In contrast, Nepal-China joint statement issued at the end of Oli's visit to Beijing crows about the two countries' evolving relations. Oli described China as "all-weather friend." Of late, another term that is being used to describe their ties is "special relations". These expressions were reserved for India-Nepal relations for decades.
India's relations with Nepal have been a mix of high and low, euphoria and frustration. At their low, Nepal has accused India of acting like "big brother" and neighbourhood "bully" and India has often treated Nepal condescendingly. But it has never sunk so low. Unfortunately, India acted as a bully during the Madhesis' agitation.
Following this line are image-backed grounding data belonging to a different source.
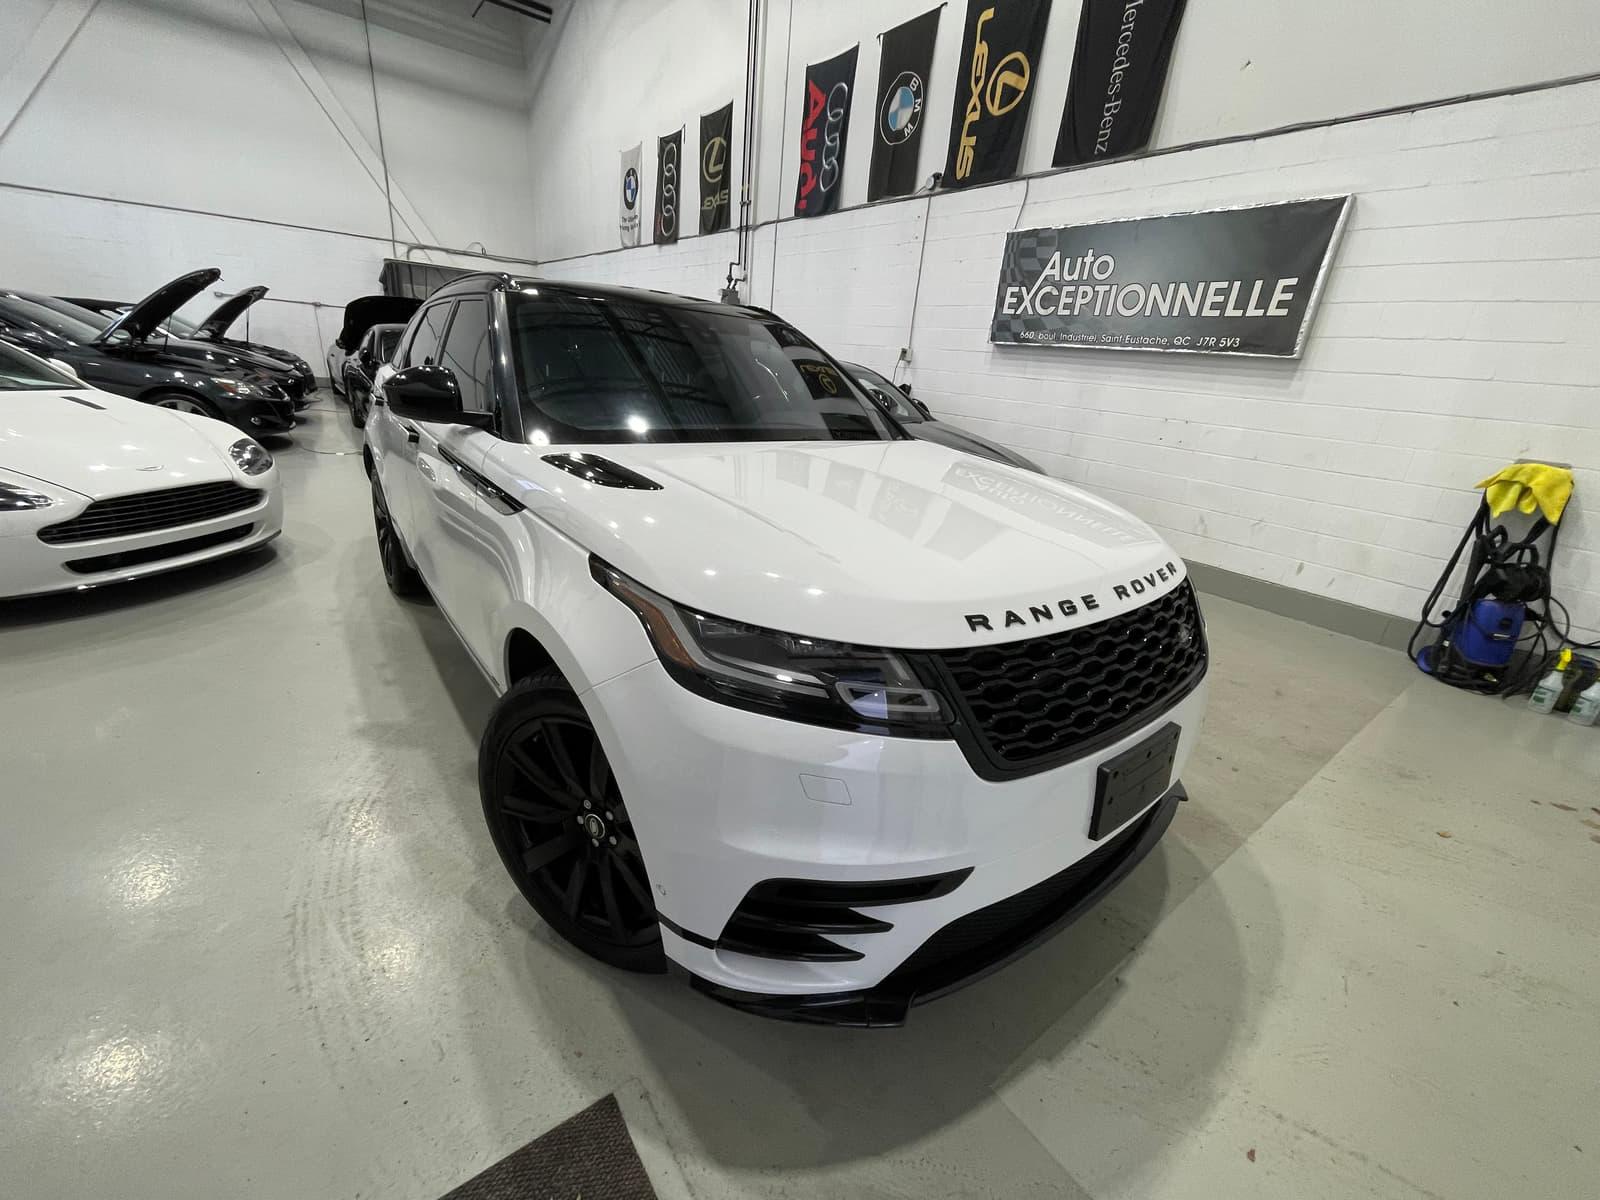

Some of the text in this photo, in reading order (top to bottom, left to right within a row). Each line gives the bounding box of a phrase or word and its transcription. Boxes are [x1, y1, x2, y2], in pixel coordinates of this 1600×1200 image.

[956, 7, 995, 180] LEXUS
[1037, 249, 1115, 284] Auto
[1002, 277, 1298, 317] EXCEPTIONNELLE
[1173, 336, 1192, 346] QC
[1196, 336, 1217, 347] J7R
[1218, 337, 1240, 348] 5V3
[964, 561, 1178, 632] RANGE ROVER
|Nepal PM KP Sharma Oli with China's Premier Li Keqiang during Oli's China visit.|
The four-month blockade awoke Nepal to hard realities that as a landlocked country its trade and transit are prisoners of Indian whims and fancies. It has no option but to look to China to get free of the fetters that geography puts on Nepal. India took advantage of the fact that two-thirds of Nepal's trade is with India. Also, more than 90 per cent of Nepal's trade with other countries transit through India.
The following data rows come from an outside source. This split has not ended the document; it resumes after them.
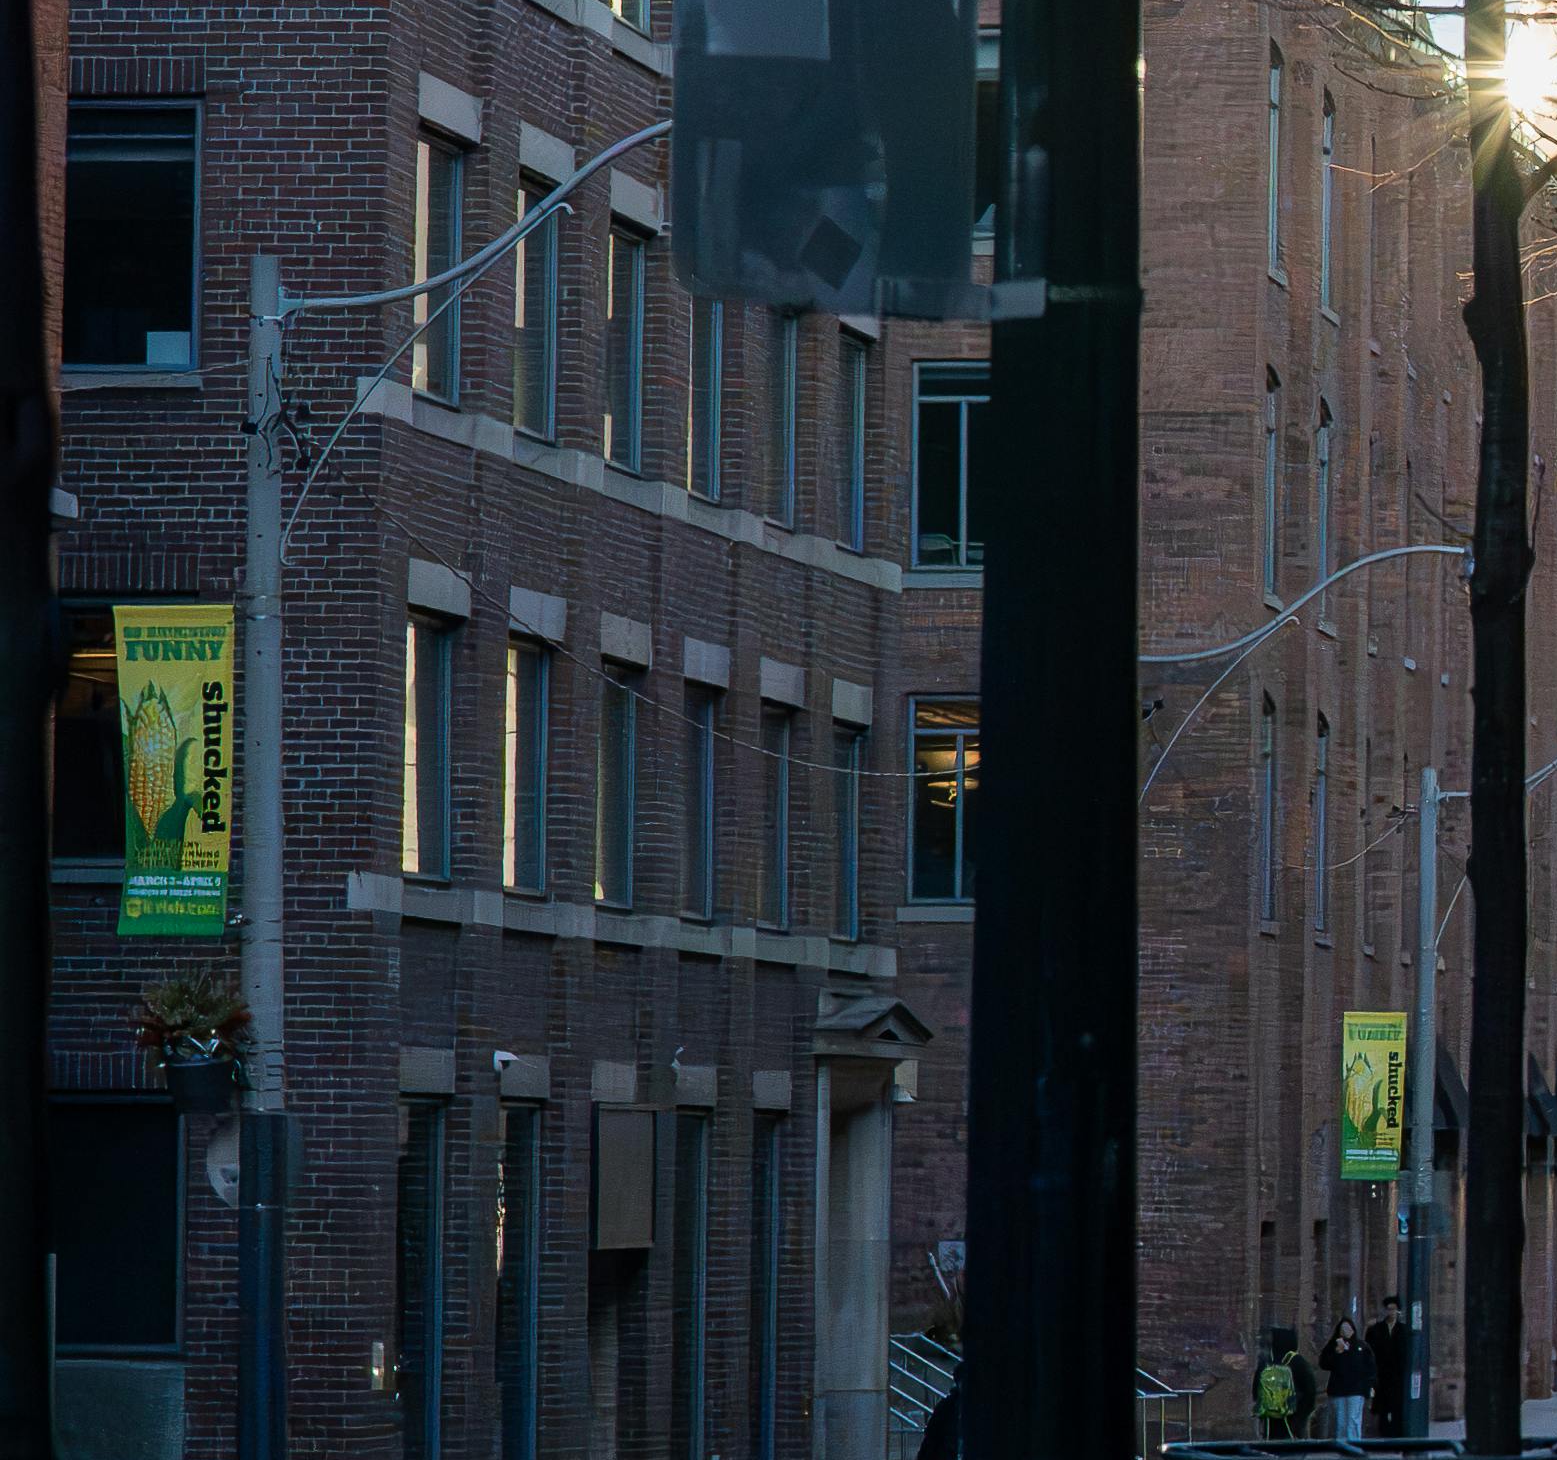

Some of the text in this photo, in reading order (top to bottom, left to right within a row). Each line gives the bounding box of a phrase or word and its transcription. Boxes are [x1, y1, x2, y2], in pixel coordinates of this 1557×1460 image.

[124, 640, 225, 661] FUNNY
[202, 681, 228, 834] shucked
[1386, 1051, 1402, 1129] shucked
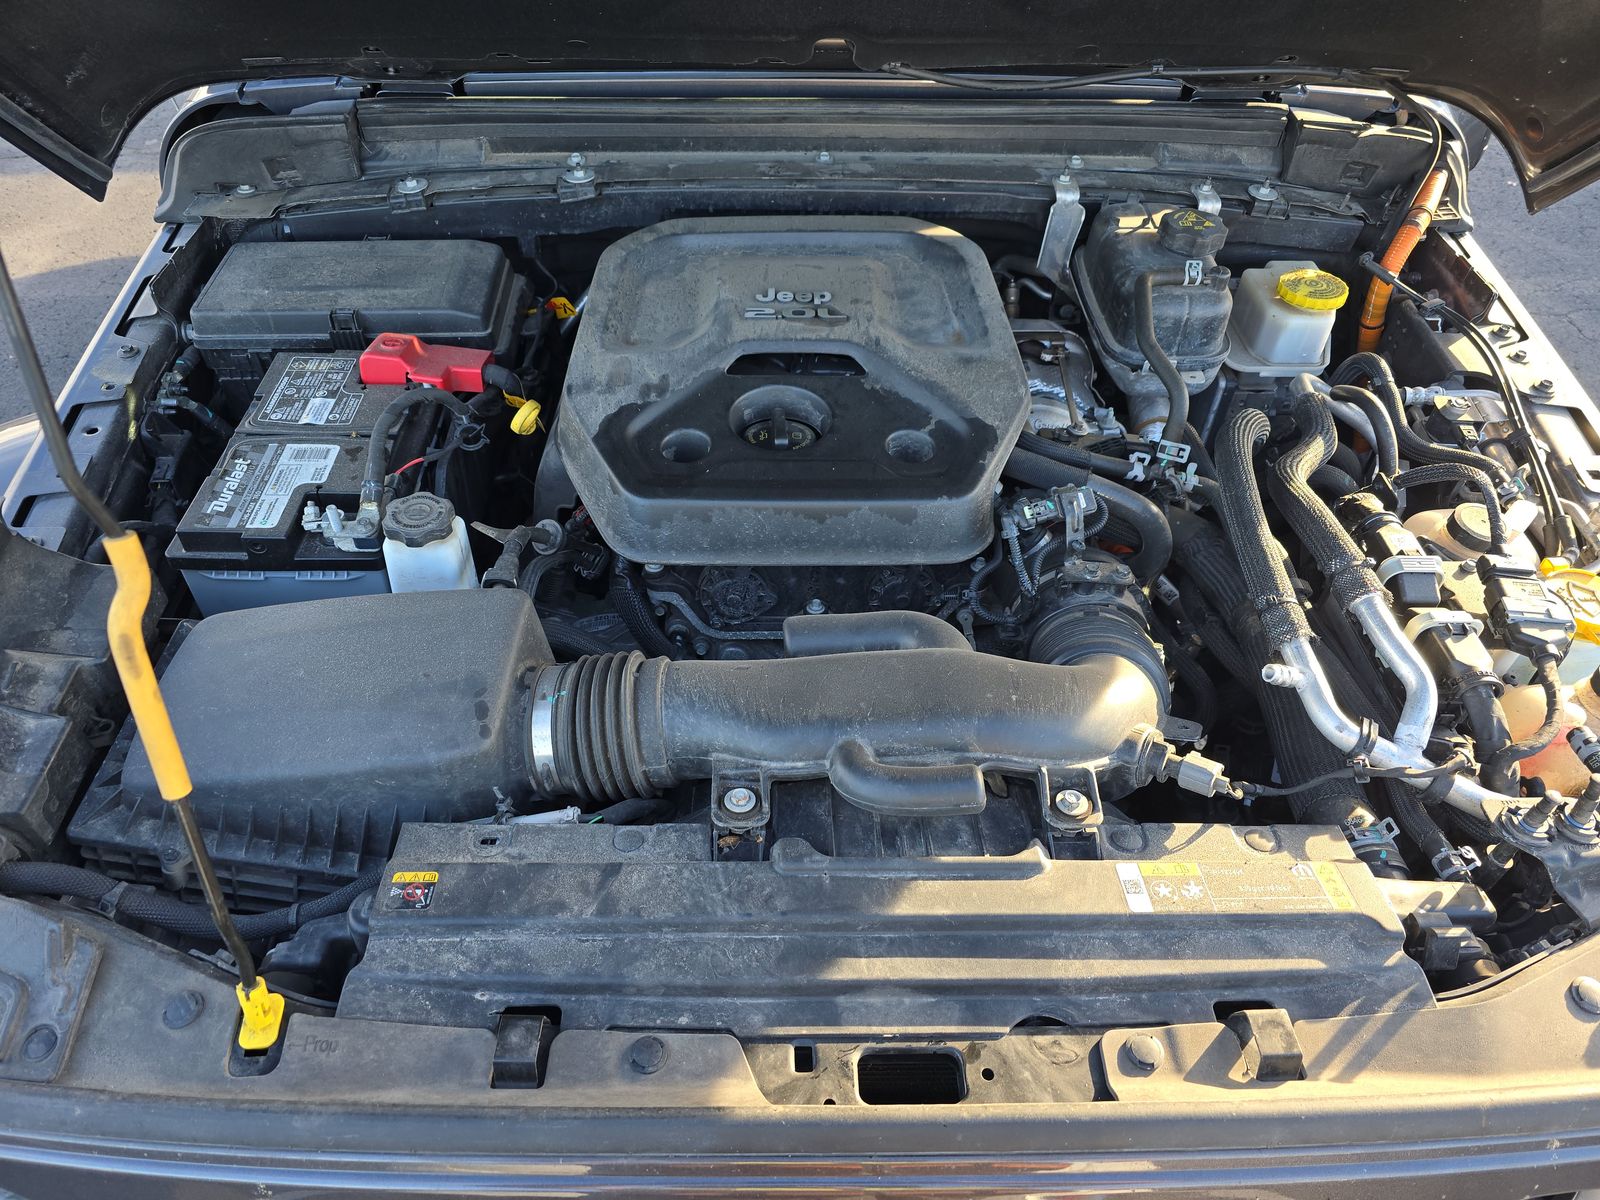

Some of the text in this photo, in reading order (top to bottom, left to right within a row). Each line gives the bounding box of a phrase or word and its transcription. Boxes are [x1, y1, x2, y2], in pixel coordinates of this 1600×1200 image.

[755, 287, 832, 305] Jeep
[743, 307, 849, 319] 2.0L
[206, 458, 252, 513] Duralast
Besides trade and economy, there is strategic aspects of relations too that China is exploring through its engagement with Nepal. By building closer ties with Nepal, China hopes to use Nepal as a lever against India when the need arises. China is firing a warning shot to India to keep off the South China Sea islands disputes and telling India not to enter into crosshairs with direct Chinese strategic interests.
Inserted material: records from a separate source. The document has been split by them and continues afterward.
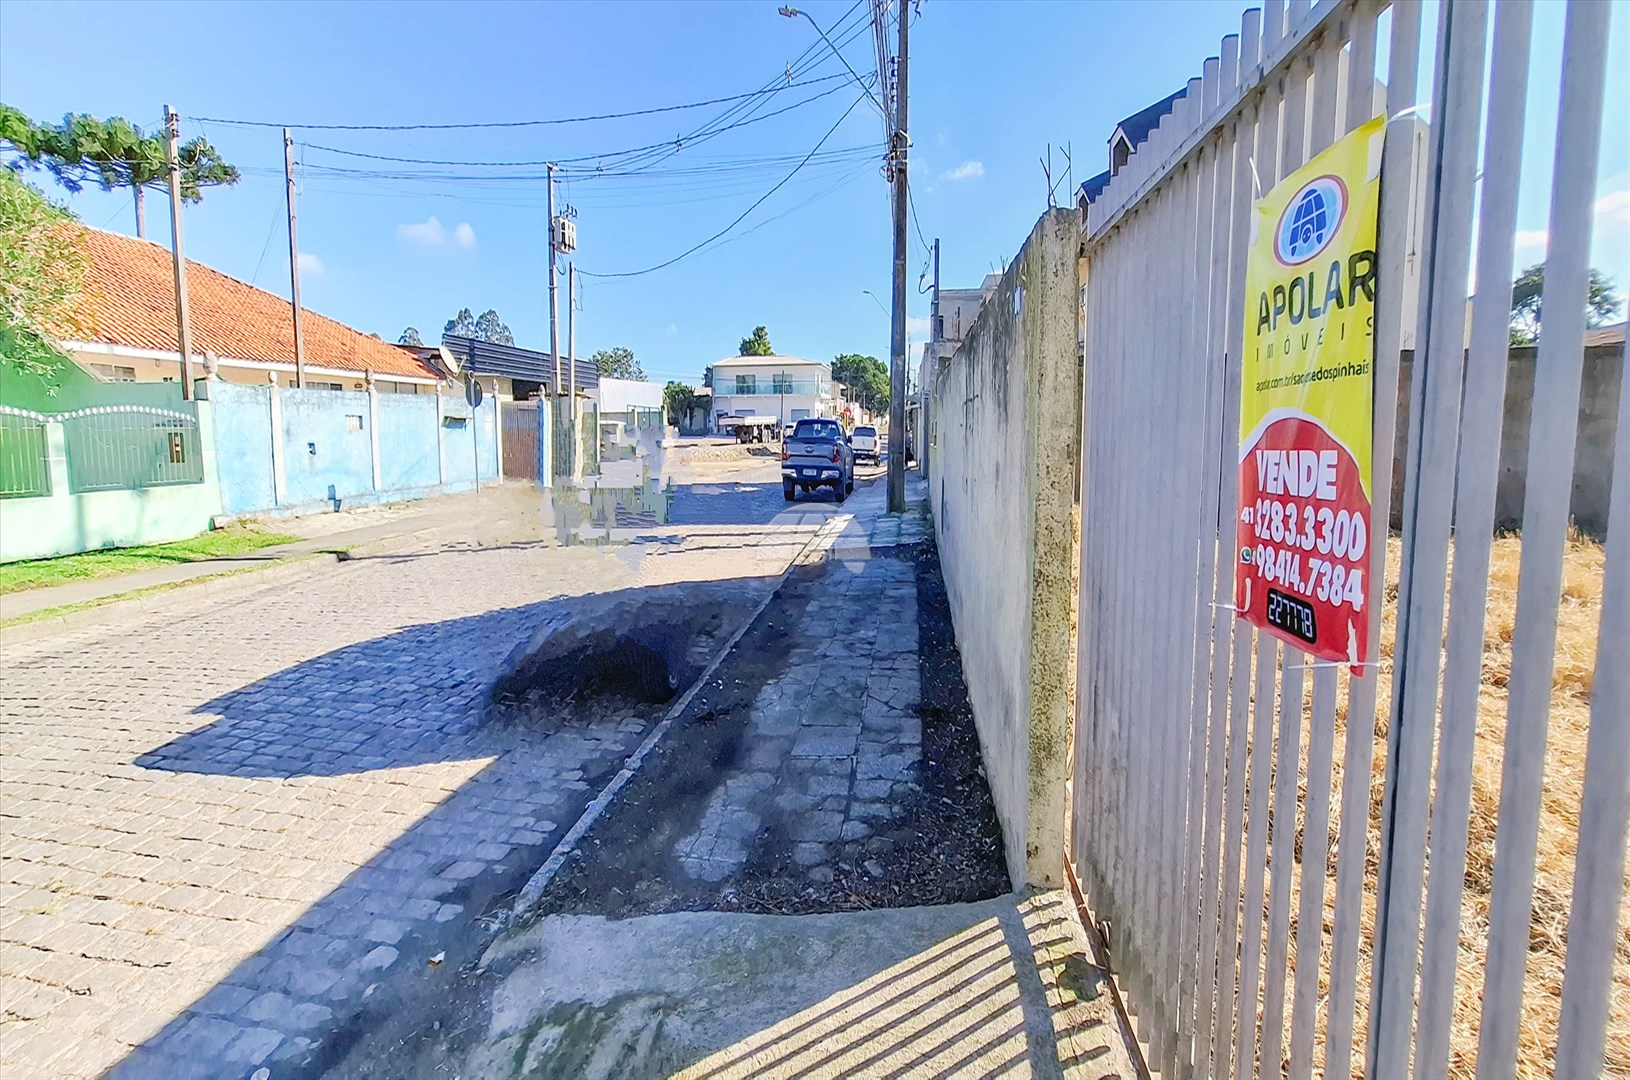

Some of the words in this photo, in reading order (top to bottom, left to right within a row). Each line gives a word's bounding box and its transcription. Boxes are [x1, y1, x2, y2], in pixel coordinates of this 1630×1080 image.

[1257, 250, 1376, 336] APOLAR
[1256, 316, 1373, 362] IMÓVEIS
[1256, 450, 1338, 500] VENDE
[1240, 506, 1254, 524] 41
[1255, 497, 1367, 562] 3283.3300
[1256, 543, 1364, 612] 98414.7384
[1268, 593, 1313, 639] 227778
This is what a commentator in Global Times of China said, "New Delhi should wake up to the fact that Nepal is a sovereign country, not a vassal of India. Instead of being forced into becoming a strategic barrier against China, Nepal should be better treated and act as a bridge between Beijing and New Delhi."
China talks of Nepal acting as a bridge realising that Nepal's dependence on India and its ties with India can't be overturned any time soon. However, Nepal's role as a bridge between Beijing and New Delhi is one aspect of India-Nepal relations. The more important aspect is the old friendship and ties, which advantage, unfortunately, India has frittered away by trying to arm-twist Nepal.
An editorial in Kathmandu's The Himalayan Times has aptly summed up Oli's visit to China. It says, "The accords with China will greatly help Nepal diversify its trade and considerably reduce its economic vulnerabilities."
Modi dispensation has so insensitively ignored the vulnerabilities of a friend to India's own strategic disadvantage.